Saxo y tambor
Ignacio Ramírez
Director de Cronopios
Texto reencontrado anoche, durante el insomnio largo,
en una página de mi Diario de sorpresas en Paris. Miércoles 18 de mayo de 1983.
En París todo se esconde tras biombos de sorpresas. Esta noche que semeja un arcoiris platicolor por lo enlunado, conocimos a Louis-Cezar Ewande, un negrito simpático como los guaracheros que se ponen borlas rojas en los tobillos y bailan con vertiginoso frenesí las canciones de Celina y Reutilio. Su tambor en la mano.
Se sentó cuan negro era en un sillón enclenque para su negrura. Llegaban al tiempo los bártulos de Ryo Noda, el japonés cargado de saxófonos y flautas, clarinetes, capadores y todo el espectro posible en la escala de los instrumentos de viento.

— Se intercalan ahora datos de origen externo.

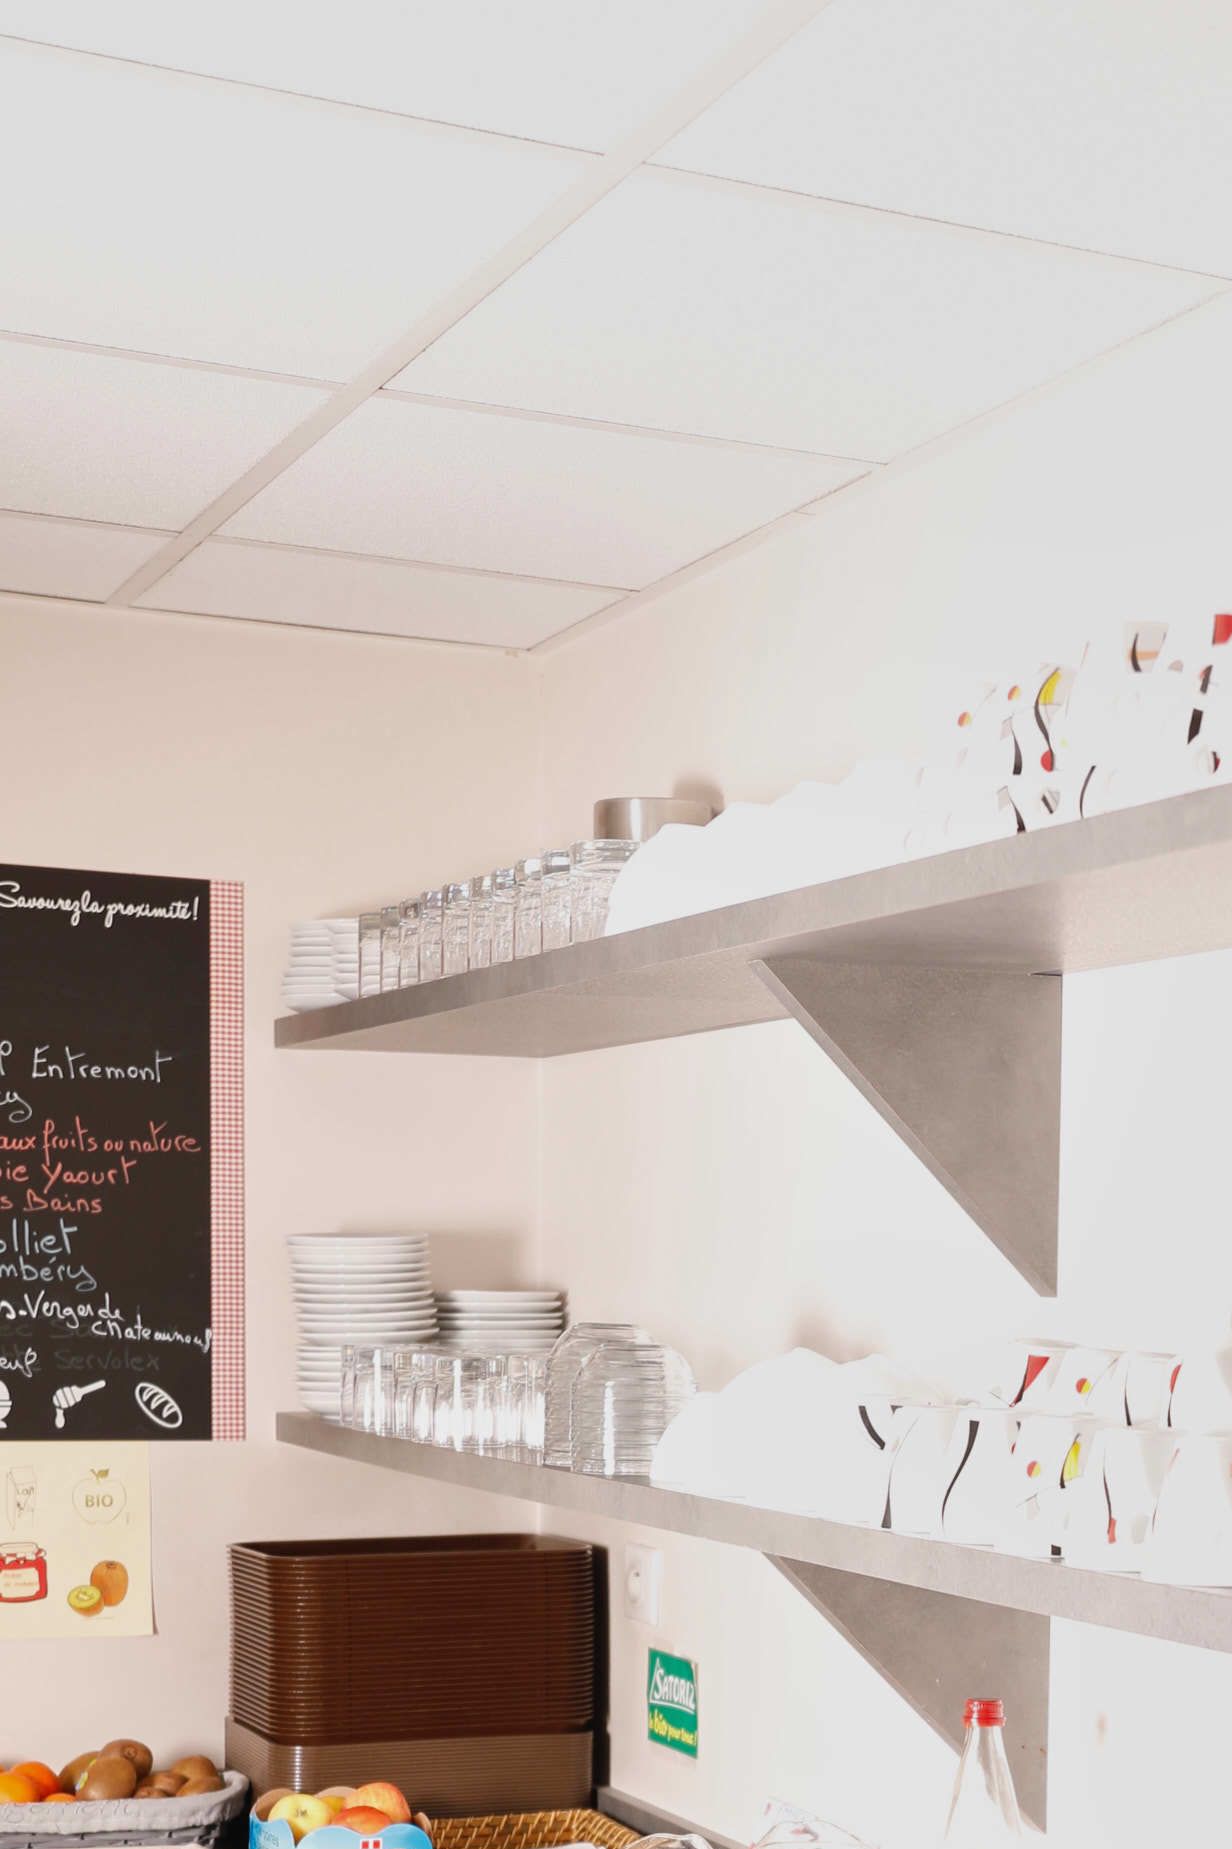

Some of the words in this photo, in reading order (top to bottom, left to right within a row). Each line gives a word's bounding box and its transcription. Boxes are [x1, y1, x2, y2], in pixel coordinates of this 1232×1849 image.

[32, 1044, 173, 1084] Entremont
[43, 1116, 98, 1167] fruits
[103, 1137, 124, 1153] ou
[130, 1120, 202, 1153] nature
[41, 1156, 138, 1195] Yaourt
[23, 1188, 103, 1215] Bains
[84, 1494, 114, 1509] BIO
[653, 1668, 696, 1711] SATORIZ

La iglesia iluminada y el brillo prodigioso de los saxofones proyectándose en las niñas de los ojos de los amantes de la música.

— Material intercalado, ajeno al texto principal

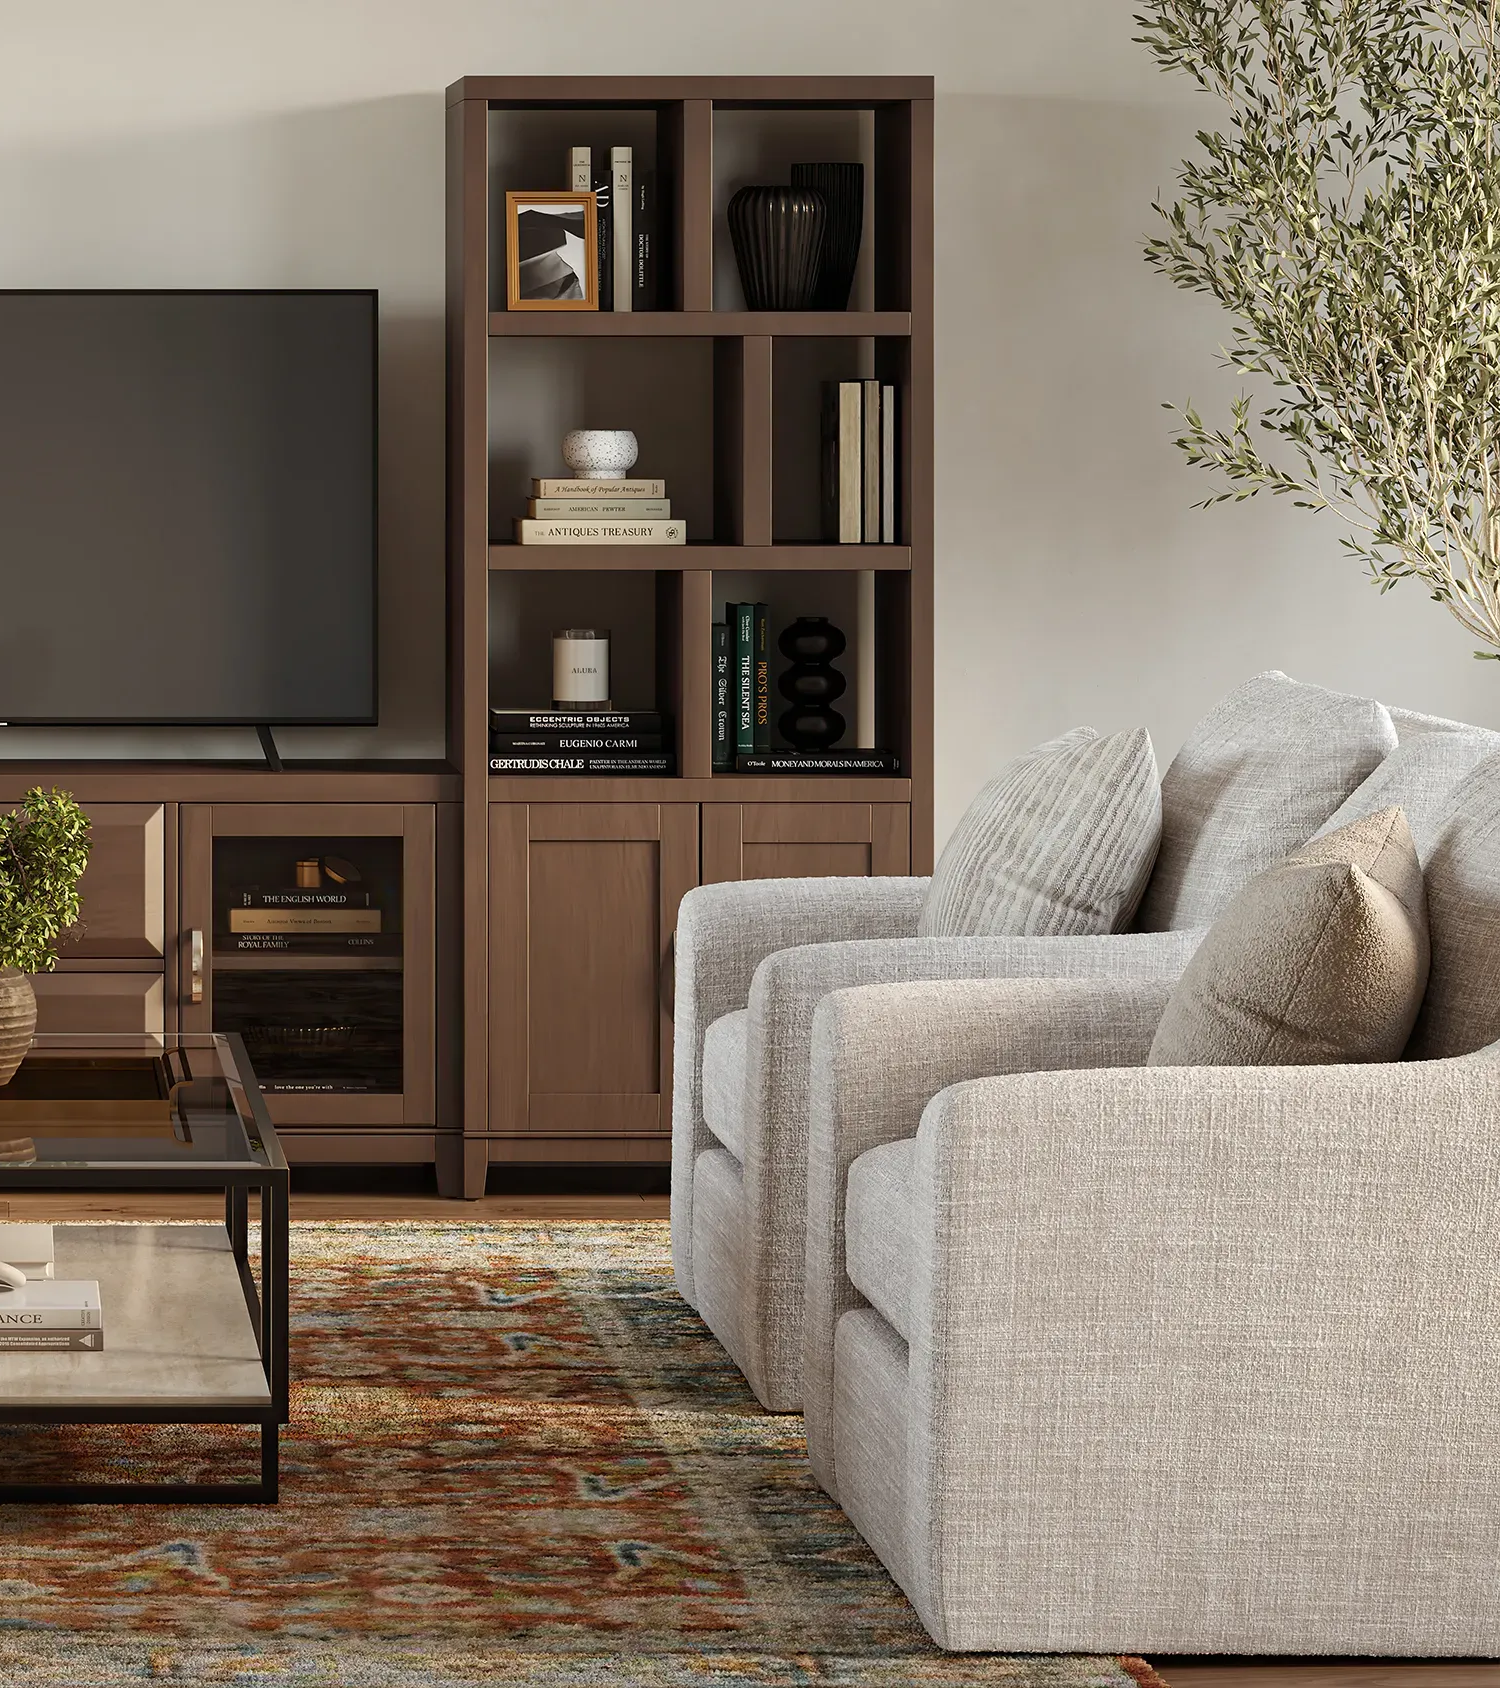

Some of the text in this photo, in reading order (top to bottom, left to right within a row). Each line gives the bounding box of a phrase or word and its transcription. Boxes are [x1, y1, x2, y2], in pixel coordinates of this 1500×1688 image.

El escenario era Saint Germain de Près, un templo repleto de franceses y japoneses atentos. También de turistas provenientes de todos los países del mundo.
Ewande se quedó quietecito mirando hacia ninguna parte. Se metió entre las piernas el tambor y puso las manos en el aire, amenazando, sin llegar a tocar el cuero.
El público a la expectativa, ni una sola respiración audible. Apenas imaginable el palpitar de los corazones.
Cocol pensaba que su corazón era un timbal. Yo, de puro flaco, parecía una flauta.
Ewande silencioso, con las manos suspendidas en el aire. Ryo Noda poniendo aquí un saxofón, más allá una dulzaina, una quena diminuta entre el bolsillo del pañuelo.
Las sillas llenas de cobres relucientes. Y ellos, que todo lo presentían, siempre a la expectativa de la magia enloquecida de la música. El japonesito tenía la virtud de hacerse el bobo para que la gente no se diera cuenta desde el comienzo qué clase de huracán le reventaba cada vez que le daba por sacarle sonidos a los elementos de su portátil instrumentoteca.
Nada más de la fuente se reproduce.